While we wait for this outcome data, what can and should we do about it?

Does diet lower lipoprotein (a)?

Because elevated Lp(a) is genetically determined, it is not typically very responsive to diet or other lifestyle measures. Study results have been inconsistent, with some showing modest changes in Lp(a) with diet, with many showing a mild increase in lipoprotein (a) with dietary changes aimed to lower LDL. One study of a plant based diet, seemed to lower Lp(a), but more data is needed. In my clinical experience, Lp(a) remains remarkably unchanged despite dietary modifications.

Do medications lower lipoprotein (a)?

Statins, the first line medications for lowering LDL cholesterol, statins, do not lower Lp(a) and, in some cases may increase it for reasons not yet fully understood. A very old drug, niacin, lowers Lp(a) but is typically poorly tolerated and didn’t result in improved cardiovascular outcomes in  a large randomized controlled trial, even in those with elevated Lp(a). The newest class of cholesterol lowering therapies mentioned above, PCSK9 inhibitors, do lower Lp(a) typically around 20-30%. However, they are not yet approved solely for the reduction of Lp(a) due to the lack of aforementioned outcome data. Trials evaluating a new class of drugs that specifically target Lp(a) - and dramatically lowering it - are ongoing, and will provide the answer to many of the above questions.

So what do we do with lipoprotein (a) right now?

In the meantime, managing elevated lipoprotein (a) levels remains a clinical challenge.

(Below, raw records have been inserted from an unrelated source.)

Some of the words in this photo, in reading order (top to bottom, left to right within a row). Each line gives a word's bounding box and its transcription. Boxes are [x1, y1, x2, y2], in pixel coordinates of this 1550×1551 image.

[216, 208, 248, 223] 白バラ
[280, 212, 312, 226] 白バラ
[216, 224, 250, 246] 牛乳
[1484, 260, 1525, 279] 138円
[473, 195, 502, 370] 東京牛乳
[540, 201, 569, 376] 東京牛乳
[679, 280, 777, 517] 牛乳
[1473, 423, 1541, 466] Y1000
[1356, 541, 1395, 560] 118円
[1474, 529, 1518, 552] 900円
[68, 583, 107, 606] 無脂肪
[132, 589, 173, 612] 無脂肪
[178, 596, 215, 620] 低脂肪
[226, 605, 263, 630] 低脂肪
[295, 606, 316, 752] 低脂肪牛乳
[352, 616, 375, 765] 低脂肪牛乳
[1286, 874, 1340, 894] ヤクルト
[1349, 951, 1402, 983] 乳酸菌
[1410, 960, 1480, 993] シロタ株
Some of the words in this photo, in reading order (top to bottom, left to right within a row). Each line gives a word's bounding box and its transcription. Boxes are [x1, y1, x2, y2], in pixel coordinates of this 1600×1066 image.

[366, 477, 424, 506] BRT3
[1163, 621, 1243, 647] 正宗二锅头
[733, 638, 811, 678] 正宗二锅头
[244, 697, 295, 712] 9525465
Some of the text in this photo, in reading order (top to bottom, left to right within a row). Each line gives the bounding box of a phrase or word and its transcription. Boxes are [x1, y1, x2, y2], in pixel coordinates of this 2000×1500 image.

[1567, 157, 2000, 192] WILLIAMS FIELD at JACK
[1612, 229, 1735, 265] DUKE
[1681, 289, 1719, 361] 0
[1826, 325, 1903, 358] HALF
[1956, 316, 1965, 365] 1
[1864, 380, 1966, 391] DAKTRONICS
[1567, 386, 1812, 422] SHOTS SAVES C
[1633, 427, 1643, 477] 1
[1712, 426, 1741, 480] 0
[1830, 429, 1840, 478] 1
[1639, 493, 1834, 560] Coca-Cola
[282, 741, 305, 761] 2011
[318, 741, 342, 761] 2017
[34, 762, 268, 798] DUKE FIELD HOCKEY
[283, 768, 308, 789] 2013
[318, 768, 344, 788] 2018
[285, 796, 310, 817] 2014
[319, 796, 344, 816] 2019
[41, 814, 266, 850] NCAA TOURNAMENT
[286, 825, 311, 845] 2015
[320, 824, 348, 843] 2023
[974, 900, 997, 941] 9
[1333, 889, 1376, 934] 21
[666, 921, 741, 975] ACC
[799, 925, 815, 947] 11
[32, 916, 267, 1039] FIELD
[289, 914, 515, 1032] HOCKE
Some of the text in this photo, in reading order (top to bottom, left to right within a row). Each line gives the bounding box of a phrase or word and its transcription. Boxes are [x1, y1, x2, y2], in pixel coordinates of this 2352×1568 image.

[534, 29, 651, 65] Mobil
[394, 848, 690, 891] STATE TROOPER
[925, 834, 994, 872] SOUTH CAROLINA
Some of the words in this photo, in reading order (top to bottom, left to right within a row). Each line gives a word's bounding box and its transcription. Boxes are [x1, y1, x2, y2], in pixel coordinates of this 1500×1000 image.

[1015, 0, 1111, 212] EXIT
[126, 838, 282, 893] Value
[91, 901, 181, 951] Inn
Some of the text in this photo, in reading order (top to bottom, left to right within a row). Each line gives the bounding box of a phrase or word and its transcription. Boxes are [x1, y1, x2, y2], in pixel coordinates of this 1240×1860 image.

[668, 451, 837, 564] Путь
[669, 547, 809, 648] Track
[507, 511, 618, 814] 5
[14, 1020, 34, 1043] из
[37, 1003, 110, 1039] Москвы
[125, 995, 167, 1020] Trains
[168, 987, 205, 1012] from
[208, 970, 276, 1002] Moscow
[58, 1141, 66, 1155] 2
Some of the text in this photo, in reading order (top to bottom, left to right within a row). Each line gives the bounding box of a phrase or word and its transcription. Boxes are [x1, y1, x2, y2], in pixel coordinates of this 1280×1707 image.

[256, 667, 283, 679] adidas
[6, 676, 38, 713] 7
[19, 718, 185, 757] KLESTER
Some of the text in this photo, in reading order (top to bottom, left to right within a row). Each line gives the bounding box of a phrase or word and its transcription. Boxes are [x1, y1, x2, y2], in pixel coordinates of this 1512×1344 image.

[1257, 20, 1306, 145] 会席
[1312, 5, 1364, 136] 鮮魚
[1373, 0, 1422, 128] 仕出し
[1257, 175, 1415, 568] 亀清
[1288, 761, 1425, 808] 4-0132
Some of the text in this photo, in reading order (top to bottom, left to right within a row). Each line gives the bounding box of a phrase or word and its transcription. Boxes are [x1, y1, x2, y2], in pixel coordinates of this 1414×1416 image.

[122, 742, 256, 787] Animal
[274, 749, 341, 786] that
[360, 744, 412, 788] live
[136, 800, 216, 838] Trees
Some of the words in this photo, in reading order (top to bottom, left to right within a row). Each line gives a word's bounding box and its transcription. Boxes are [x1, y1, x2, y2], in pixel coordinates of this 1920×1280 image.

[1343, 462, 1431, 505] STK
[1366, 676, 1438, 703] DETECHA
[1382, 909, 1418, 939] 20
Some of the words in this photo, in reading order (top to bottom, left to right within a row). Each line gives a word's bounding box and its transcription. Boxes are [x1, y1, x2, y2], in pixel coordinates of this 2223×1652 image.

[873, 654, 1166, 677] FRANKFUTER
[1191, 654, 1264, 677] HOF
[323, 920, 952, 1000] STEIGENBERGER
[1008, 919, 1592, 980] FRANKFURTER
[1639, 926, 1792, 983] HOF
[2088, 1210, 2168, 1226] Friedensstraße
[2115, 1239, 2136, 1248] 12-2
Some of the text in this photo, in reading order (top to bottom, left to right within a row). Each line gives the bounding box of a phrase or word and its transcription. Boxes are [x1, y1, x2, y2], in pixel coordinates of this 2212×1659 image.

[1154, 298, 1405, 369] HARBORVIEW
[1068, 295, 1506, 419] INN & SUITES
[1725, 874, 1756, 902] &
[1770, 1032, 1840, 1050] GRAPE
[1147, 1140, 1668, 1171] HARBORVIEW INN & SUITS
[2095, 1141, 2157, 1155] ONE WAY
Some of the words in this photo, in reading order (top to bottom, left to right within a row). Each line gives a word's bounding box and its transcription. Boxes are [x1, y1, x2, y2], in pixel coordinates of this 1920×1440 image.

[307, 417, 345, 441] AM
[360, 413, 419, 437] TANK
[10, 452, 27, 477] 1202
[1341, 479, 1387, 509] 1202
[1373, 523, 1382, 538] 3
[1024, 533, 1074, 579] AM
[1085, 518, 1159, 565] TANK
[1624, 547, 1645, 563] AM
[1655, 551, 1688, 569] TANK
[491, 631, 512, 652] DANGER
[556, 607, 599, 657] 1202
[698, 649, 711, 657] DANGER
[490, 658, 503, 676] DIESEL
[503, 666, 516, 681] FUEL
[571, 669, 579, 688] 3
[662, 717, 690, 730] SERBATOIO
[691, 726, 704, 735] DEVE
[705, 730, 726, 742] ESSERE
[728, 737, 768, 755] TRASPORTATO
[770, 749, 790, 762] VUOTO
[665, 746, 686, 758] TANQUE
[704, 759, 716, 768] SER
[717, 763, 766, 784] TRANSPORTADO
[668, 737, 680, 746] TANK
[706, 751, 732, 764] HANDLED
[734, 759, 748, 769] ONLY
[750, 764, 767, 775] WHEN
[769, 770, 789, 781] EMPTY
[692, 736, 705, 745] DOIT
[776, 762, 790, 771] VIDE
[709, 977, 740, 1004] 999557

Although we may not have a specific treatment yet, it is an important risk factor that can help patients and physicians make informed decisions about the management of other cardiovascular risk factors. This is where personalized medicine becomes critically important - the patient with borderline cardiovascular risk with elevated Lp(a) becomes very different than the same patient but but without elevated Lp(a). Working with your doctor to lower your LDL-c, whether by lifestyle and/or medications is paramount.

Lastly, it’s also important to realize that while it increases your risk of cardiovascular disease, elevated Lp(a) should, at the moment, be viewed as a risk-enhancing feature. Meaning, there are plenty of people who have elevated Lp(a) who live their whole lives without a clinical event like a heart attack - it’s just one informational piece to the cardiovascular risk puzzle.